The organisation recently launched a S$10 million fund to reimburse needy kidney donors for their medical and insurance expenses.
51-year-old Teo Eng Hong saw his wife of more than 10 years, Leow Cheok Huey, suffer through four years of dialysis. He had offered to donate one of his kidneys to her when she first had kidney failure but she rejected his offer.
Mr Teo said: "She was afraid that if I donated (my kidney) to her, later on I might get some other disease. So I told her don't worry about it, don't think about it."
Mdm Leow wanted to wait for a kidney from a cadaver, but with an average waiting time of nine years, Mr Teo insisted they go through with the transplant operation.
When the NKF reimbursement scheme was announced earlier November, the National University Hospital, where the transplant operation was to be conducted, helped Mr Teo apply to the fund.
And Mr Teo said the financial assistance he had been receiving has provided him with "a peace of mind".
So far, the fund has paid for Mr Teo's post-surgery checkup, and will continue to do so for the rest of his life. The fund also covers potential loss of income of up to S$5,000, as well as hospitalisation and surgical insurance premiums.
To provide an additional safety net for donors, NKF has joined hands with NTUC Income to come up with an insurance plan called the Group Living Policy. It will offer coverage of up to S$100,000.

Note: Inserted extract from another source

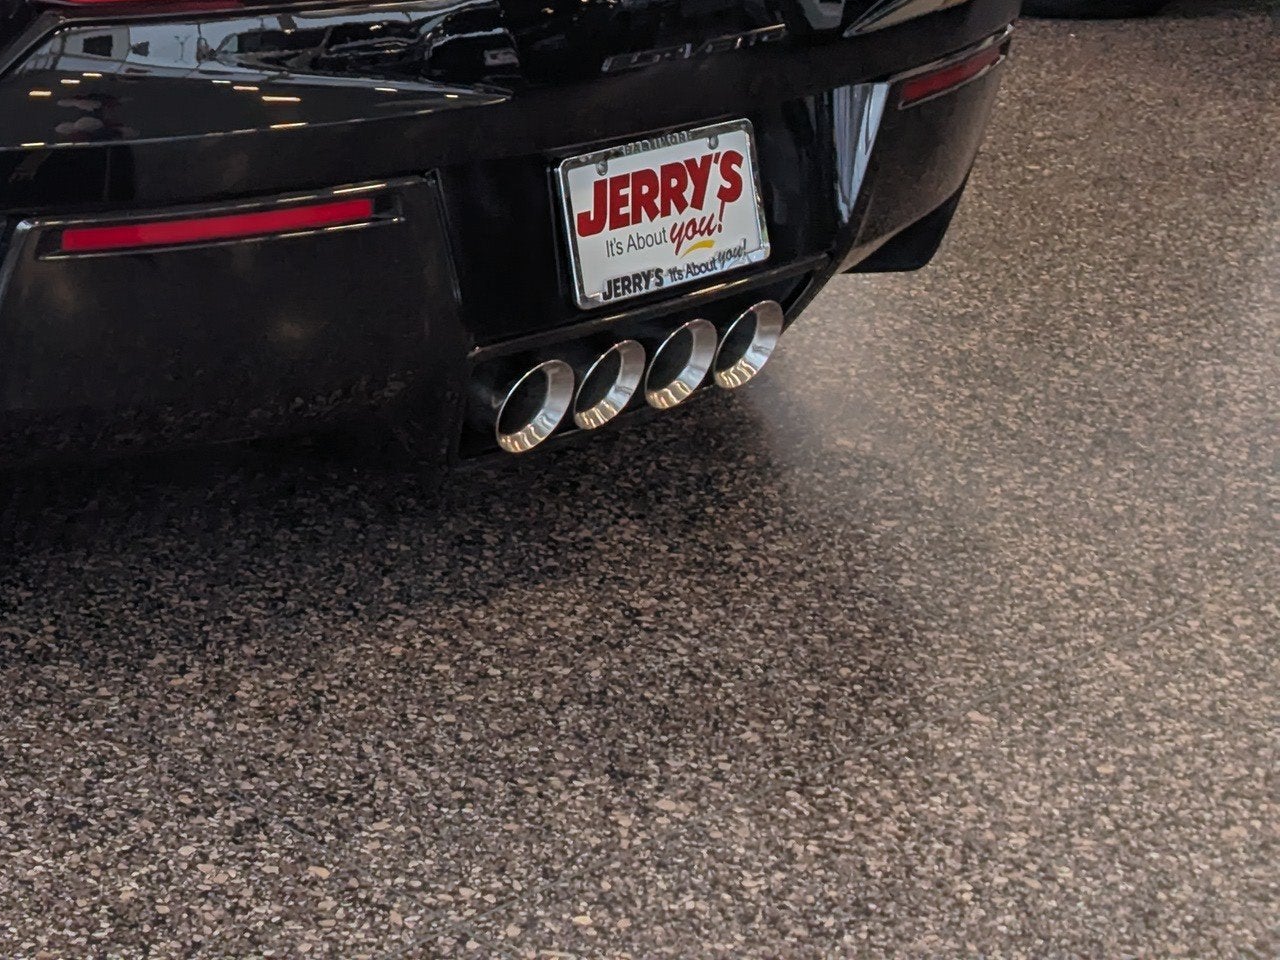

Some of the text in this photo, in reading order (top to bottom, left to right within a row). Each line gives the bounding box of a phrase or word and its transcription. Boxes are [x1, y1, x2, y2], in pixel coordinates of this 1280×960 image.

Since the NKF reimbursement fund was launched at the start of this month, it has received only one application. But NKF is hopeful that as public awareness grows, more people will step forward to donate their kidney.
NKF said its fund helps to remove financial impediments by potential donors. But there are other obstacles to overcome.
Gerard Ee, chairman, National Kidney Foundation, said: "I think (it is) fear - not understanding what it entails, what the operation is like, how many hours it will take, how does the person feel after the operation and what are the risks involved of developing something."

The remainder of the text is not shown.